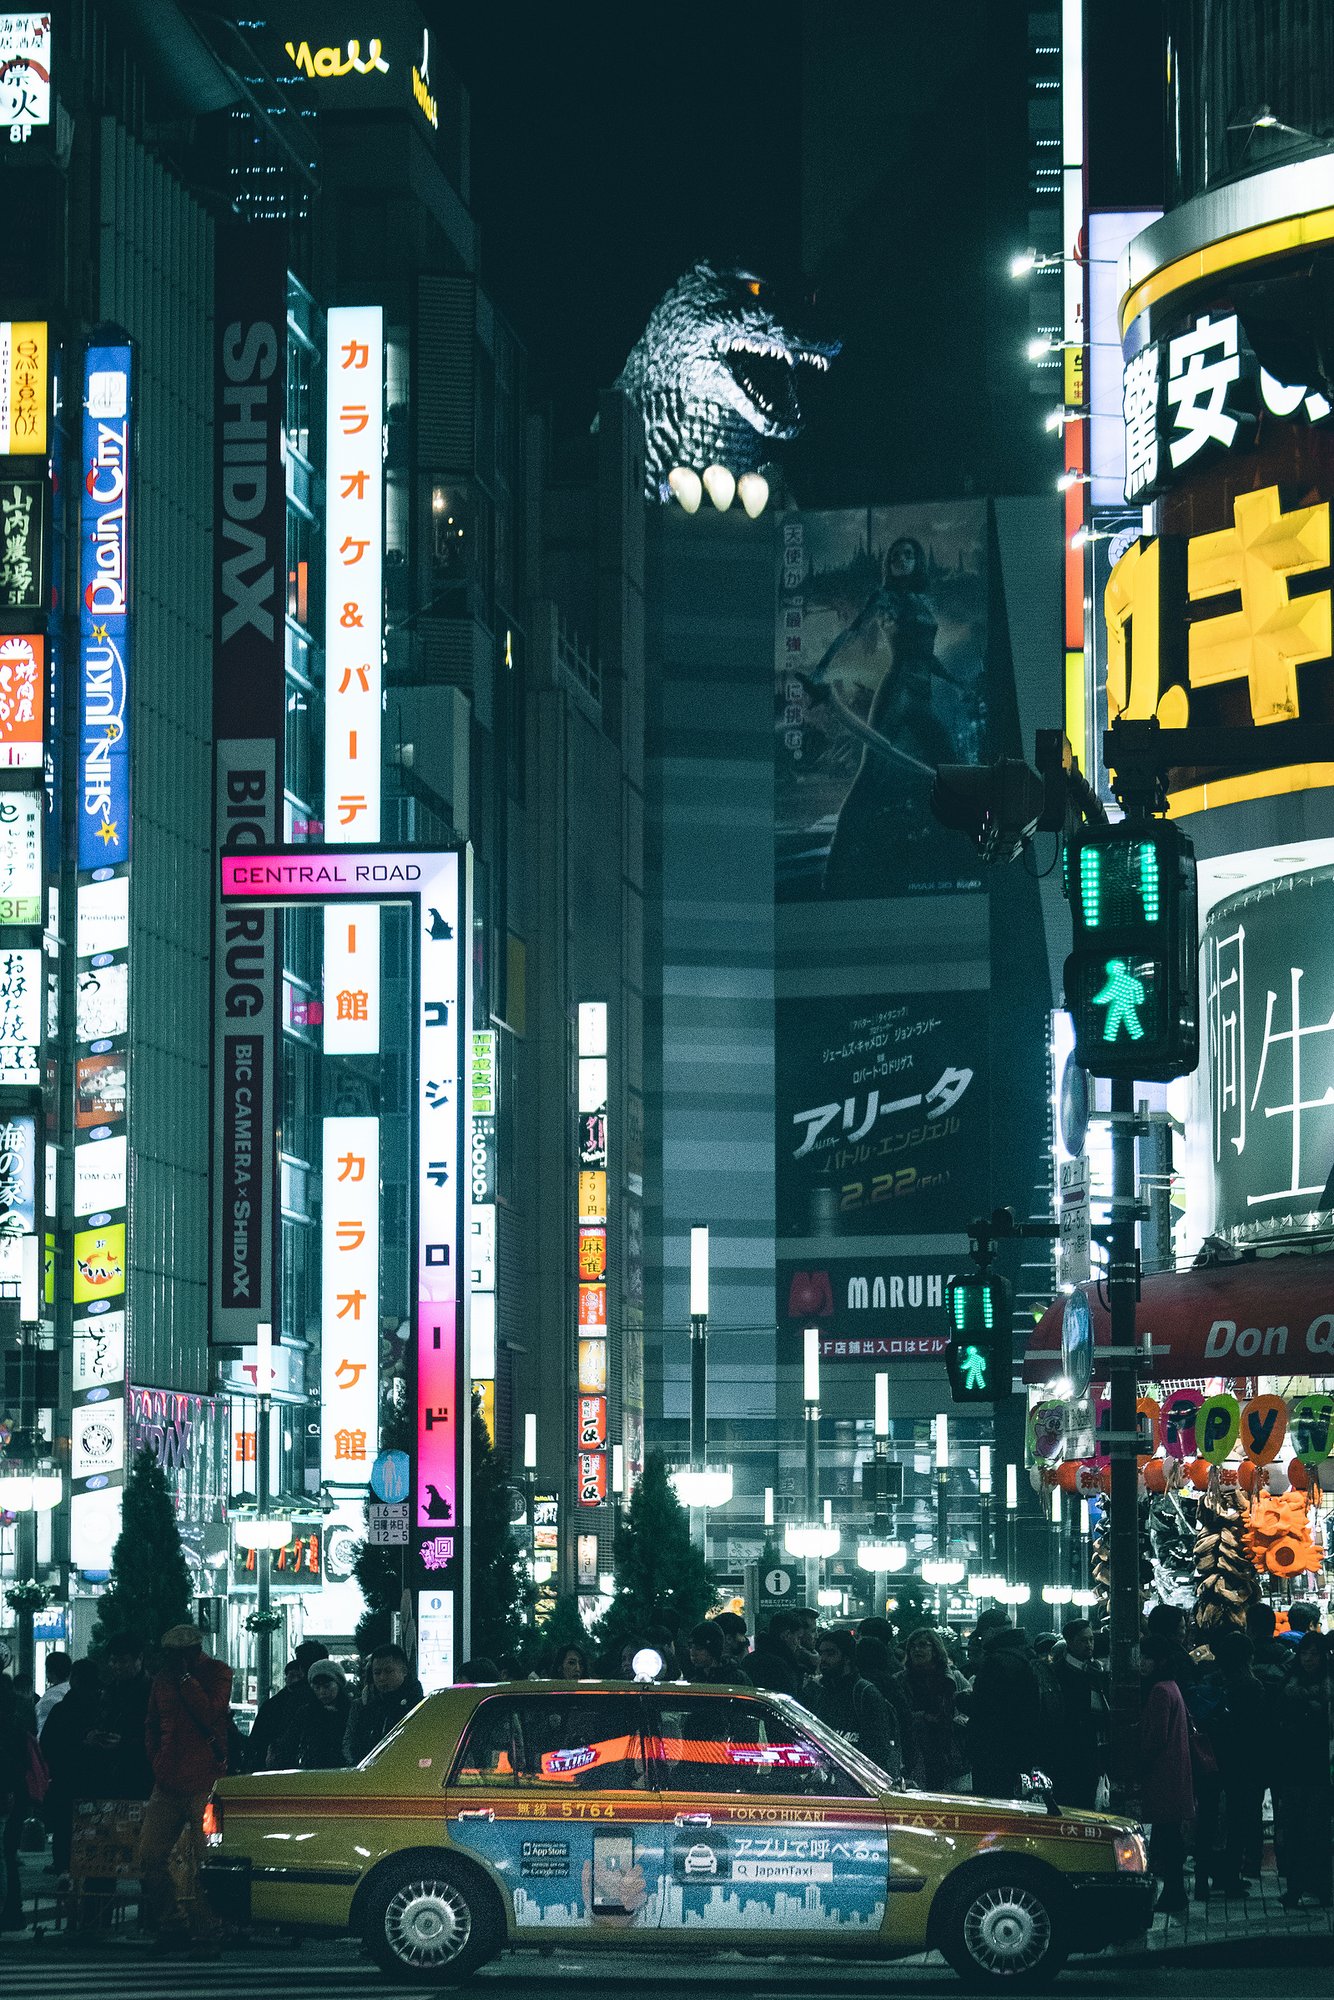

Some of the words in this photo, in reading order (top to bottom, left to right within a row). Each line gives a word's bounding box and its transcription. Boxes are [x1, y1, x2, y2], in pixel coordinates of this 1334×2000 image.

[10, 125, 32, 142] 8F
[15, 338, 39, 436] 鳥貴族
[222, 320, 277, 643] SHIDAX
[0, 485, 33, 592] 山内農場
[8, 591, 25, 604] 5F
[85, 646, 123, 816] SHINJUKU
[233, 866, 347, 885] CENTRAL
[355, 863, 422, 881] ROAD
[0, 899, 28, 919] 3F
[226, 905, 265, 1018] RUG
[234, 1043, 253, 1082] BIC
[793, 1066, 974, 1160] アリータ
[234, 1087, 254, 1187] CAMERA
[0, 1122, 27, 1208] 海の家
[78, 1172, 100, 1181] TOM
[103, 1171, 124, 1181] CAT
[424, 999, 456, 1431] ゴジラロード
[233, 1199, 252, 1297] SHIDAX
[581, 1238, 603, 1274] 麻雀
[333, 1152, 369, 1462] カラオケ館
[847, 1273, 956, 1309] MARUH
[1204, 1319, 1289, 1359] Don
[376, 1505, 408, 1517] 16-5
[376, 1530, 408, 1542] 12-5
[516, 1803, 548, 1817] 無線
[561, 1803, 616, 1818] 5764
[728, 1807, 777, 1820] TOKYO
[780, 1810, 826, 1822] HIKARI
[896, 1812, 962, 1829] TAXI
[532, 1847, 546, 1857] App
[546, 1847, 567, 1856] Store
[734, 1837, 880, 1860] アプリで呼べる。
[754, 1865, 814, 1878] JapanTaxi
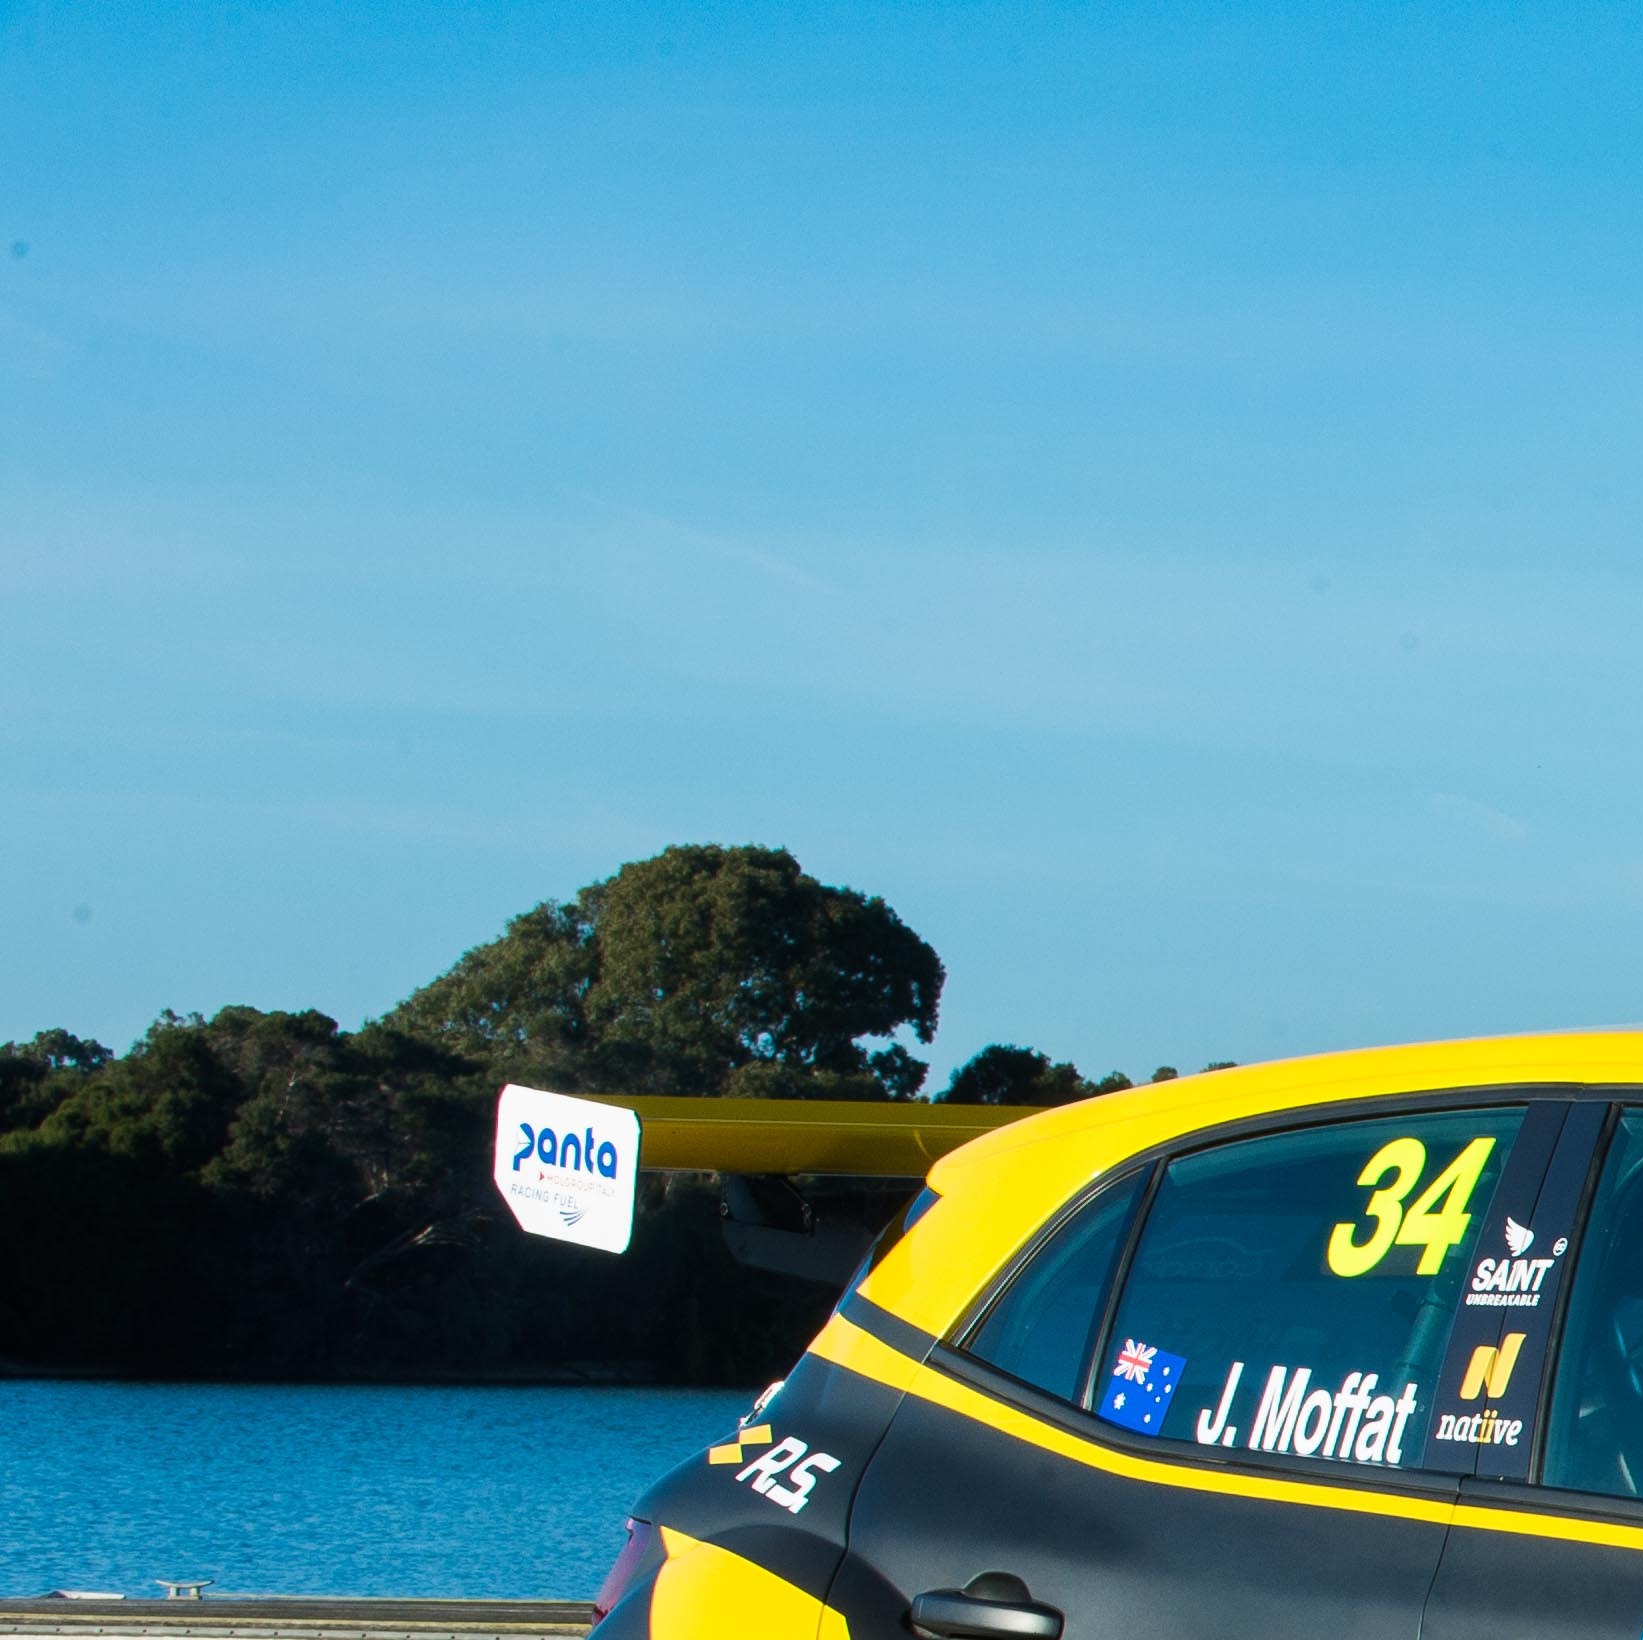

● ● ● ● ● ● ●

EXERCISE OBJECTIVE
Type out each line of the records above exactly, skipping any pictures.

WRITTEN SOLUTION
Some of the words in this photo, in reading order (top to bottom, left to right within a row). Each line gives a word's bounding box and its transcription. Boxes are [x1, y1, x2, y2], in pixel coordinates of this 1334×2000 image.

[10, 125, 32, 142] 8F
[15, 338, 39, 436] 鳥貴族
[222, 320, 277, 643] SHIDAX
[0, 485, 33, 592] 山内農場
[8, 591, 25, 604] 5F
[85, 646, 123, 816] SHINJUKU
[233, 866, 347, 885] CENTRAL
[355, 863, 422, 881] ROAD
[0, 899, 28, 919] 3F
[226, 905, 265, 1018] RUG
[234, 1043, 253, 1082] BIC
[793, 1066, 974, 1160] アリータ
[234, 1087, 254, 1187] CAMERA
[0, 1122, 27, 1208] 海の家
[78, 1172, 100, 1181] TOM
[103, 1171, 124, 1181] CAT
[424, 999, 456, 1431] ゴジラロード
[233, 1199, 252, 1297] SHIDAX
[581, 1238, 603, 1274] 麻雀
[333, 1152, 369, 1462] カラオケ館
[847, 1273, 956, 1309] MARUH
[1204, 1319, 1289, 1359] Don
[376, 1505, 408, 1517] 16-5
[376, 1530, 408, 1542] 12-5
[516, 1803, 548, 1817] 無線
[561, 1803, 616, 1818] 5764
[728, 1807, 777, 1820] TOKYO
[780, 1810, 826, 1822] HIKARI
[896, 1812, 962, 1829] TAXI
[532, 1847, 546, 1857] App
[546, 1847, 567, 1856] Store
[734, 1837, 880, 1860] アプリで呼べる。
[754, 1865, 814, 1878] JapanTaxi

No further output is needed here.